Ain el-Turck (Arabic : عين الترك ) (literally "Fountain of the Turks") is the capital of Ain el-Turck District located about fifteen kilometers from Oran in the north-west of Algeria. The district contains nine municipalities. It now host an important seaside resort.

It also gives its name to one of the beaches in the region of Oran.

History 

Centuries ago, Ain el Turk was a plain called El Eurfa which extends from St Roch till Les Andalouses. Over the centuries, the population of El Eurfa plain (known later as Ain el Turck) has significantly increased. Two types of people lived there and cohabited, nomadic people who practice transhumance, and sedentary or sedentarized tribes who practiced agriculture and beekeeping. The nomads wandered between the plains of El Eurfa, Boutlelis and Messreghinn, except in some special cases they did not go beyond the Sabkha in the South and the forest Madagh in the West. They lived together and traded with each other. These sedentary people sold their products at Mers el-Kebir and Oran, they also sold their products to nomadic tribes, but most of the time they swapped their products with sheep as they supply them with meat and wool.
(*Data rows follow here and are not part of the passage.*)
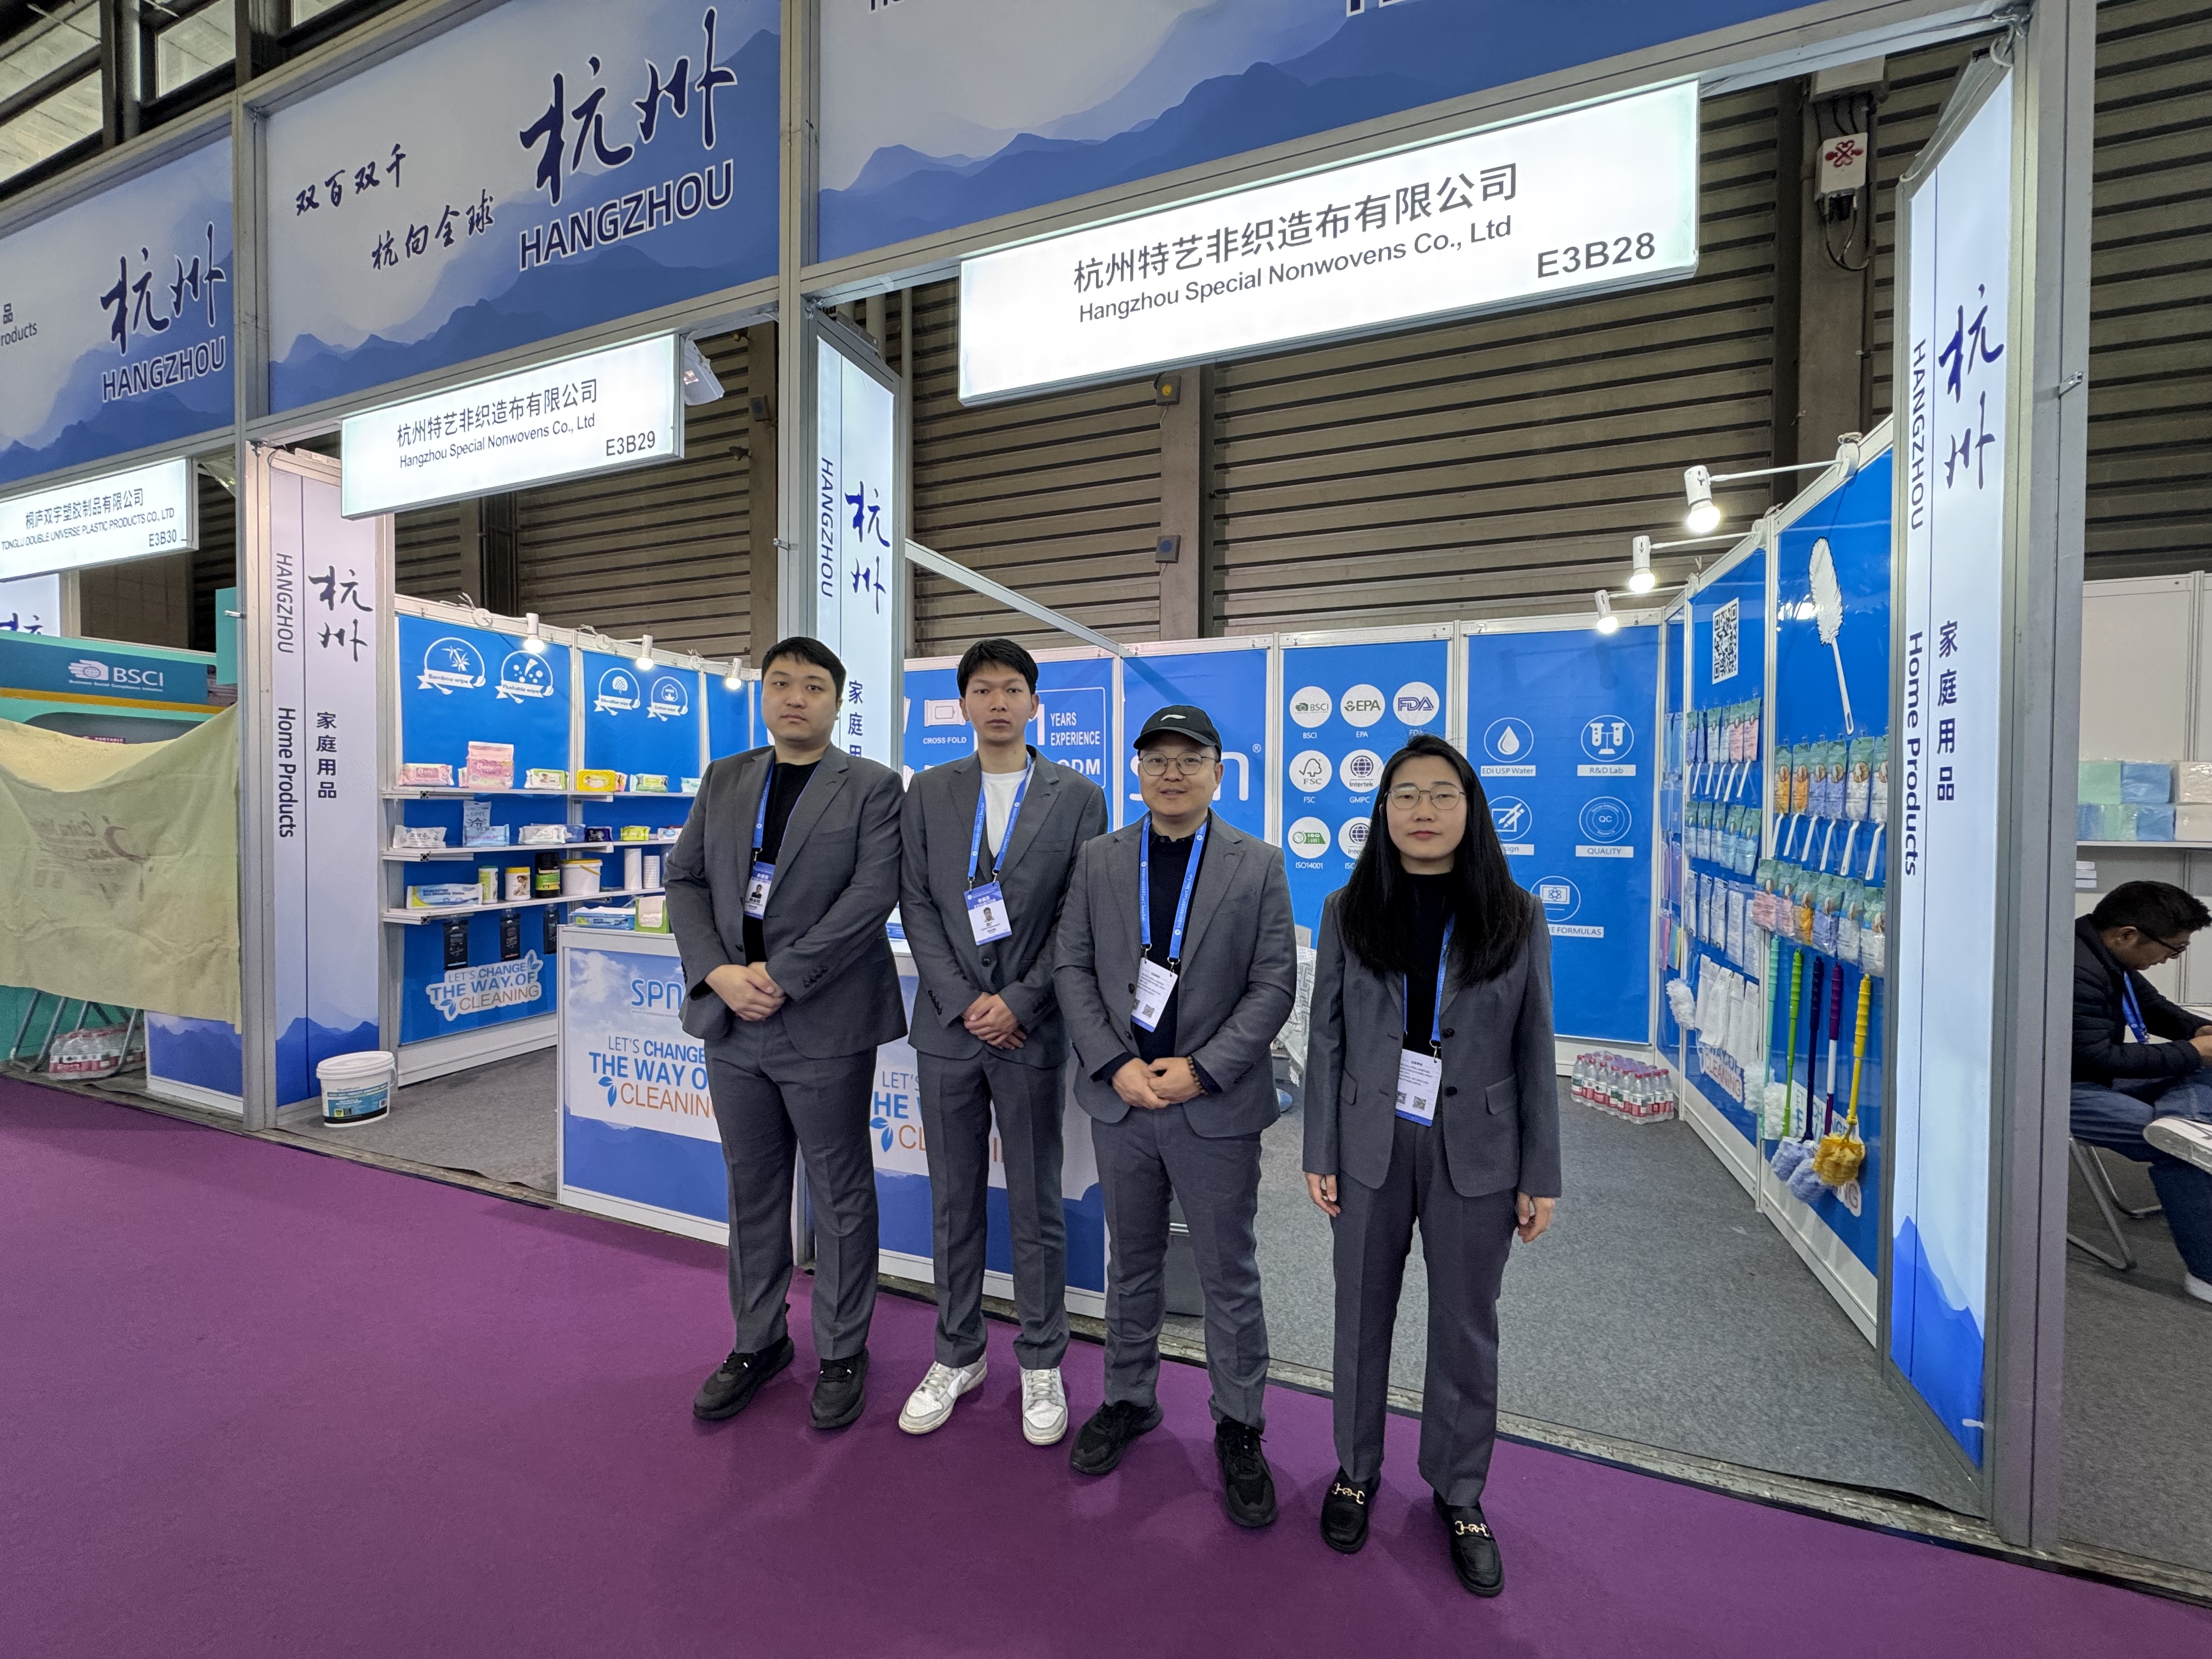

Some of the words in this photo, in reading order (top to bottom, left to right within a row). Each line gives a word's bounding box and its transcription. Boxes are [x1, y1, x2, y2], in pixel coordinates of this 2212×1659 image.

[520, 7, 737, 205] 杭州
[296, 144, 407, 216] 双百双千
[520, 159, 735, 271] HANGZHOU
[1073, 162, 1518, 295] 杭州特艺非织造布有限公司
[1079, 285, 1179, 323] Hangzhou
[1185, 267, 1262, 304] Special
[1268, 240, 1407, 285] Nonwovens
[1413, 231, 1462, 258] Co.,
[1470, 215, 1511, 244] Ltd
[1537, 233, 1656, 279] E3B28
[100, 221, 226, 355] 杭州
[1, 323, 37, 347] roducts
[103, 336, 226, 402] HANGZHOU
[1938, 283, 2004, 490] 杭州
[397, 379, 597, 448] 杭州特艺非织造布有限公司
[1911, 338, 1926, 531] HANGZHOU
[399, 448, 447, 469] Hangzhou
[449, 437, 485, 459] Special
[488, 427, 549, 449] Nonwovens
[577, 413, 595, 430] Ltd
[606, 430, 656, 457] E3B29
[82, 521, 108, 535] PLASTIC
[109, 514, 145, 530] PRODUCTS
[162, 507, 174, 521] LTD
[149, 529, 177, 547] E3B30
[821, 456, 834, 598] HANGZHOU
[845, 481, 890, 614] 杭州
[276, 552, 294, 653] HANGZHOU
[308, 566, 373, 662] 杭州
[114, 667, 163, 686] BSCI
[1907, 631, 1923, 729] Home
[848, 680, 863, 757] 家庭用
[1050, 712, 1077, 727] YEARS
[1310, 703, 1329, 712] BSCI
[1356, 700, 1381, 712] EPA
[1397, 697, 1435, 712] FDA
[1937, 620, 1958, 801] 家庭用品
[278, 708, 296, 758] Home
[316, 712, 337, 799] 家庭用品
[947, 736, 967, 744] FOLD
[1051, 731, 1100, 746] EXPERIENCE
[279, 763, 298, 838] Products
[1905, 737, 1921, 876] Products
[1557, 926, 1602, 936] FORMULAS
[430, 983, 466, 1001] THE
[471, 976, 510, 993] WAY
[515, 972, 535, 985] OF
[448, 970, 475, 983] LET'S
[478, 962, 527, 978] CHANGE
[459, 985, 539, 1011] CLEANING
[608, 1036, 640, 1053] LET'S
[589, 1052, 628, 1078] THE
[634, 1058, 686, 1087] WAY
[692, 1067, 708, 1090] O
[1705, 1053, 1741, 1098] CLEANING
[620, 1082, 715, 1118] CLEANIN
[874, 1092, 909, 1119] HE
General Aspect of the city in 1831

Seaway and Roads 
In 1831, the area where the village would be built was a kind of a cul-de-sac from the only major road, which was rather a road that connected les Andalouse and Mers-el-Kebir and Oran via Bousfer called "la Route des Crêtes" which was very rocky and took new directions at Ain Khadija (later, the road was named 'Ploteau road'), joining Ain el Turck at the small village Naqous, so named in Arabic because of the bells of the first church in the area "St. Anthony of Padua" (the word 'Naqous' means bell, in Arabic).

However, there were many other ways relied the village to St Roch, Cape Falcon, Coralès, to Les-Andalouses, the Daya and Bousfer.
Seaway has been used to link the city with Oran and Mers-el-Kebir, as there were links between these 2 cities when not at war, we know only that Turkish troops used the sea when coming to pick up the taxes

Water Sources 
There was in the plain of what will become Ain el Turck at least eight sources of water:
 The two sources of Ain Ouzel and Cape Falcon
 Ain Ouansar near the farm Emeral
 Source of St Maurice
 Ain el Turck
 Ain Atrouss (farm Clairefontaine-Navarre)
 Bally source (barranco Bouisseville)
 St Rock source

Ecology 
Apart from some woods and groves located down the hills, vegetation was predominantly dwarf palms (Duma), Alfa tufts, some diss, lentisk (especially at the dunes), juniper, thorns, herbs, agave, Reeds and a multitude of flowers and plants which were used as forage.
Forest trees especially pine and cedar are common south of the village down the mountain.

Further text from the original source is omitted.